(Image-backed grounding data)
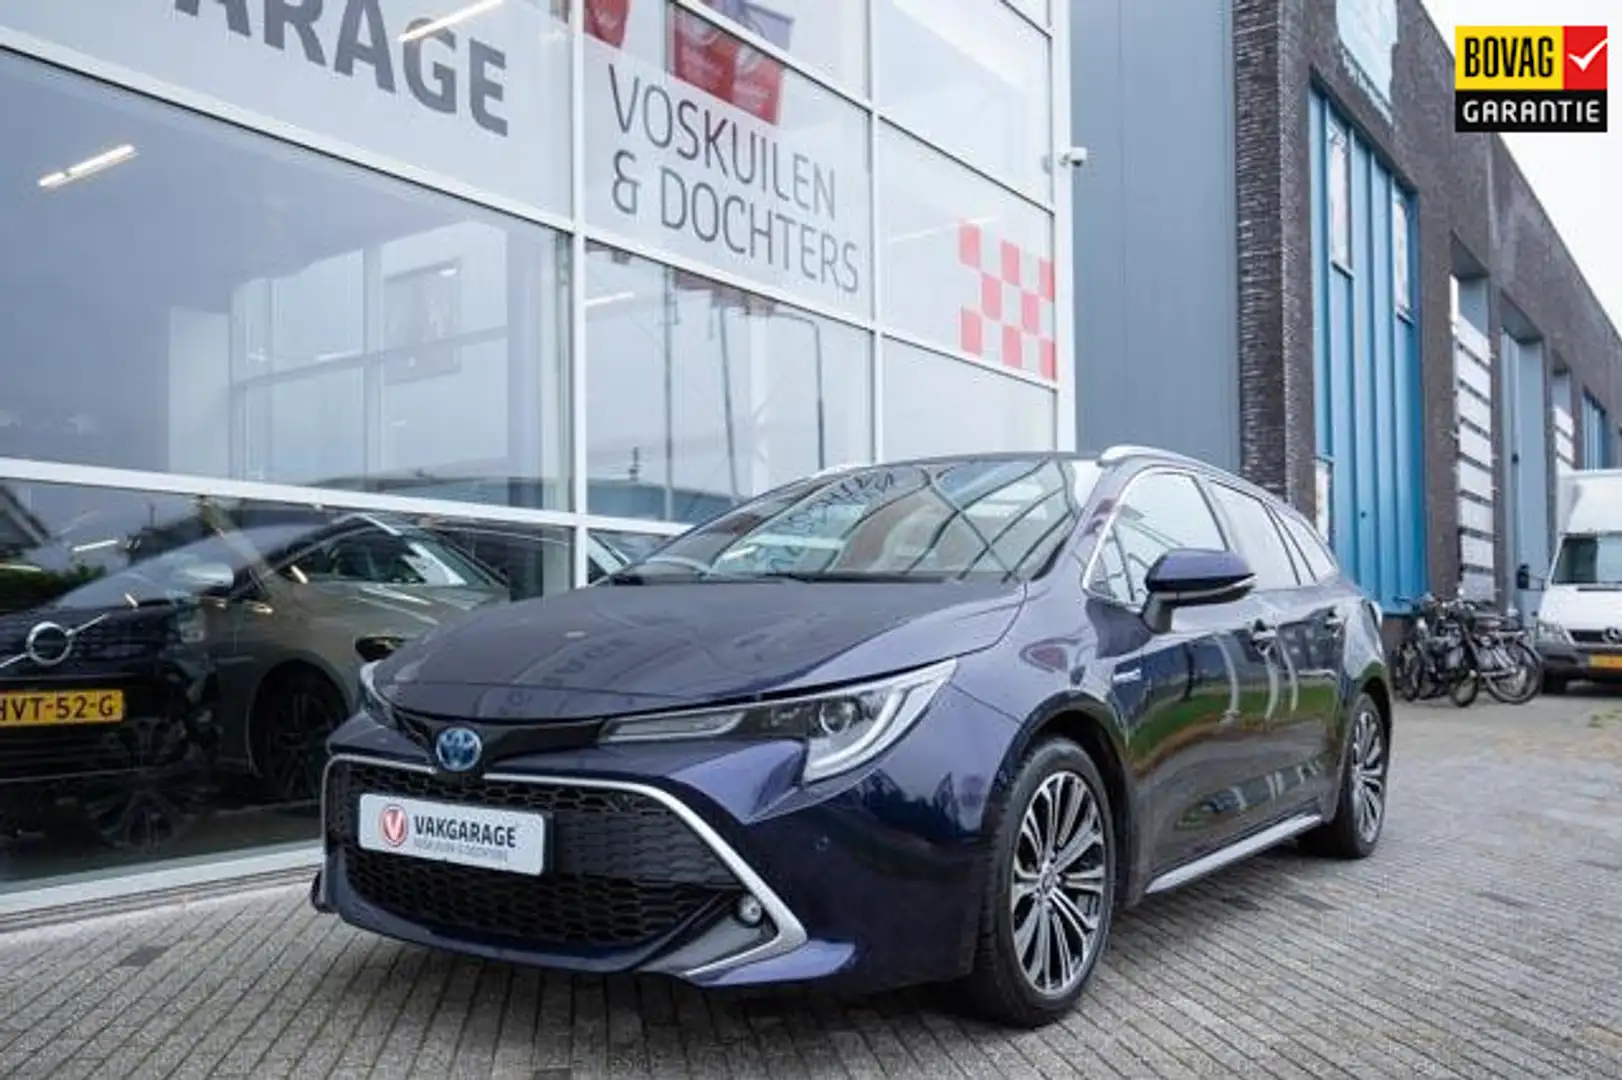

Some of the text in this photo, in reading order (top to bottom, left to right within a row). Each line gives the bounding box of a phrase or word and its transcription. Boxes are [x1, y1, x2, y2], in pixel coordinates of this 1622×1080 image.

[174, 0, 508, 137] RAGE
[609, 63, 835, 220] VOSKUILEN
[612, 149, 859, 294] & DOCHTERS
[414, 815, 516, 849] VAKGARAGE
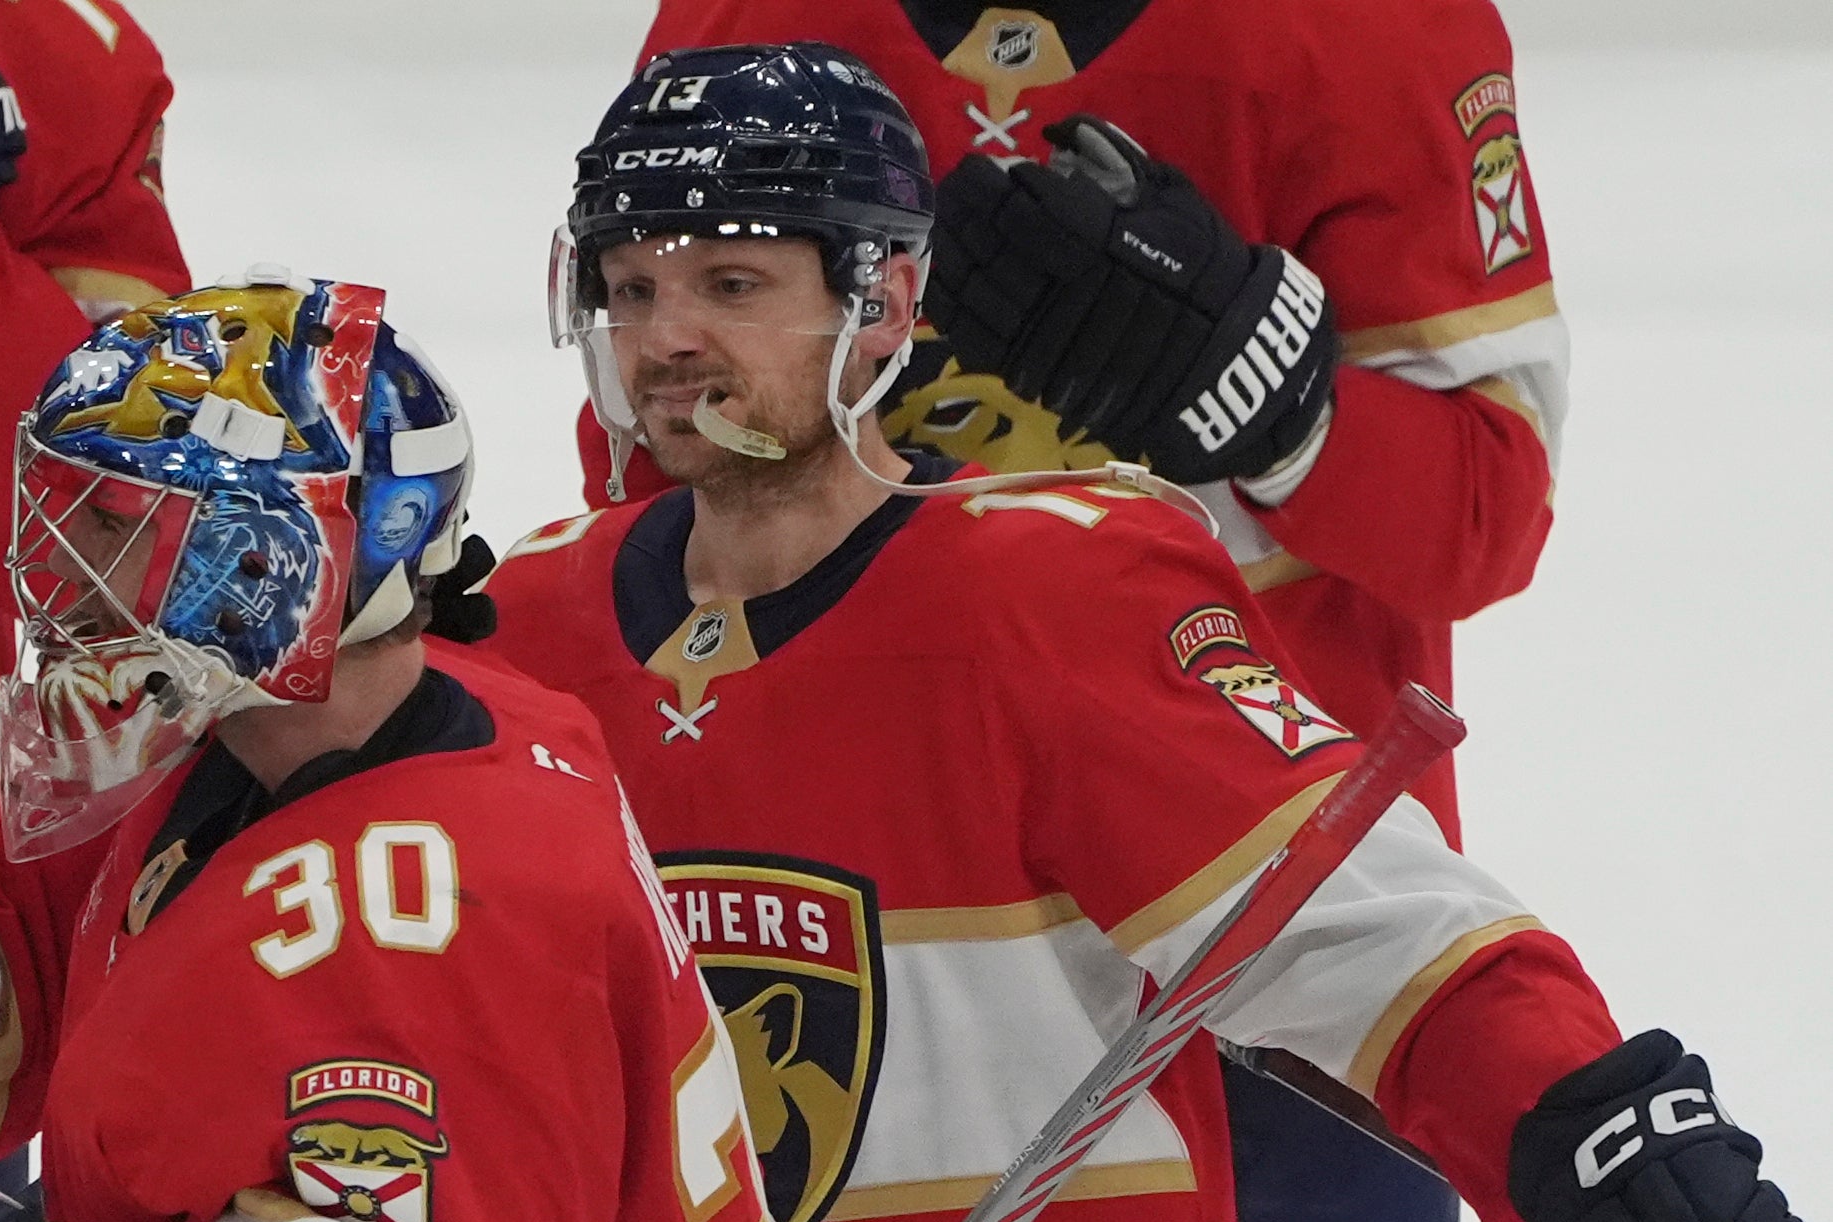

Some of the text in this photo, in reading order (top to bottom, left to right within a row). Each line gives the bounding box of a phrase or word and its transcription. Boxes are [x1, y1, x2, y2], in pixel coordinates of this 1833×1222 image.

[646, 76, 712, 113] 13
[614, 146, 718, 171] CCM
[1180, 616, 1238, 654] FLORIDA
[242, 820, 460, 981] 30
[666, 891, 829, 955] HERS
[307, 1069, 419, 1100] FLORIDA
[1574, 1087, 1737, 1189] CC

Task to carry out:
Locate "this 1833×1222 image." in the data above. Then repeat, exactly, its line and each line after it through the last, adding nothing.

Reply to the task:
Some of the text in this photo, in reading order (top to bottom, left to right within a row). Each line gives the bounding box of a phrase or word and its transcription. Boxes are [x1, y1, x2, y2], in pixel coordinates of this 1833×1222 image.

[646, 76, 712, 113] 13
[614, 146, 718, 171] CCM
[1180, 616, 1238, 654] FLORIDA
[242, 820, 460, 981] 30
[666, 891, 829, 955] HERS
[307, 1069, 419, 1100] FLORIDA
[1574, 1087, 1737, 1189] CC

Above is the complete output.